Gut ist, dass Du die Kamera einsetzen kannst. Dadurch kannst Du enge Feedback-Schleifen fahren, den Erfolg kontrollieren und zeitnah gegensteuern. Ich würde es so machen, dass ich die Kamera immer dann einsetze, wenn ich das Gefühl habe, dass ich ein grundlegendes Element erfolgreich geändert habe. Meistens ist die Änderung in der Außenansicht dann fast unmerklich, aber auch das ist ein wichtiger Hinweis darauf, wie stark die nächste Korrektur ausfallen muss.
Ich bin, anders als Helmut S, nicht der Meinung, dass man keine Übung machen sollte, die man nicht beherrscht.

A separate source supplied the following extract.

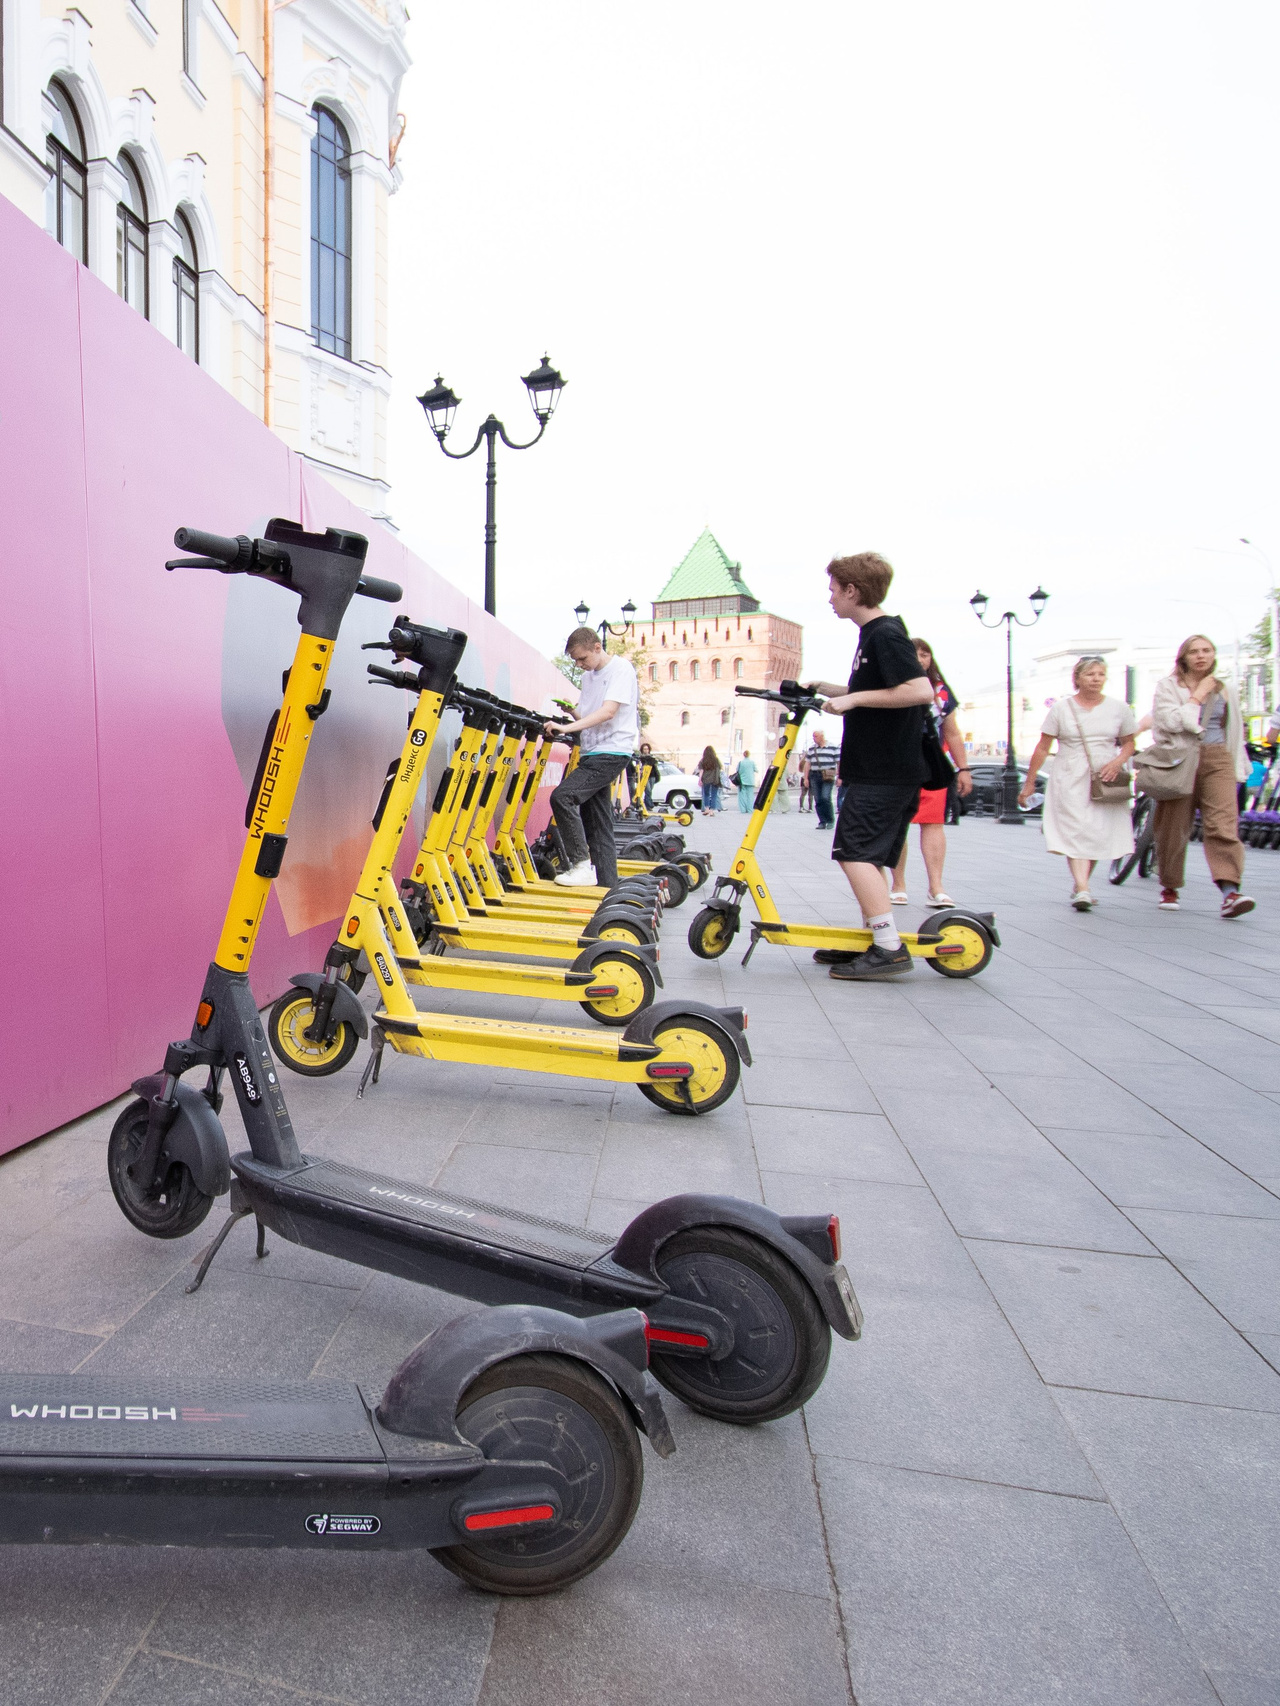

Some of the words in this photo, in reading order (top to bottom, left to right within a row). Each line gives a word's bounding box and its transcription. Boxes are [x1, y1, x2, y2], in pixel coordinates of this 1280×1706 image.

Ich mache bevorzugt Übungen, die ich nicht oder nur schlecht beherrsche, bei denen mir mein Körper aber deutliches Feedback gibt. Über bewusste Änderungen der Bewegung taste ich mich an die Beherrschung heran. Wenn ich immer nur Übungen mache, die ich beherrsche, ändert sich nie etwas. Wichtig ist aber, zu wissen, was man erreichen will. Eine Übung durchzuführen, die man nicht versteht, kann trotzdem helfen, aber der Weg wird dadurch nicht leichter.
Buchempfehlung
Mich fasziniert Schwimmen und deswegen bin ich dauernd auf der Suche nach dem heiligen Gral des Schwimmens (es gibt ihn vermutlich nicht) und besitze einen Stapel einschlägiger Bücher, auch das, welches Helmut empfohlen hat. Es scheint mir für den Alleinübenden zu sperrig und richtet sich aus meiner Sicht eher an Lehrende.
Mein Empfehlung für ein Buch, das sich speziell mit dem Kraulschwimmen befasst, exzellent geschrieben und hilfreich bebildert ist:
Swim Speed Secrets von Sheila Taormina. Sie konzentriert sich stark auf den Vortrieb; eine solide Wasserlage und einen vernünftigen Kick sieht sie als notwendiges Fundament dafür. Die einleuchtende und präzise Sprache des Buches hat mir dabei geholfen, die Bewegung besser begreifen, erklären und umsetzen zu können. Ich empfehle Dir das Buch, weil ich meine, dass Du nach dem Lesen eine ziemlich klare Bewegungsvorstellung haben wirst, die Dir helfen wird, dich selbst zu korrigieren und so schneller ans Ziel zu kommen.
Sheila antwortet auch auf Fragen per E-Mail, was sie mir sympathisch macht und dem Buch einen zusätzlichen Wert gibt.
Nimm von meinen Vorschlägen, was Dir gefällt und sinnvoll erscheint und ignoriere den Rest. Viel Erfolg!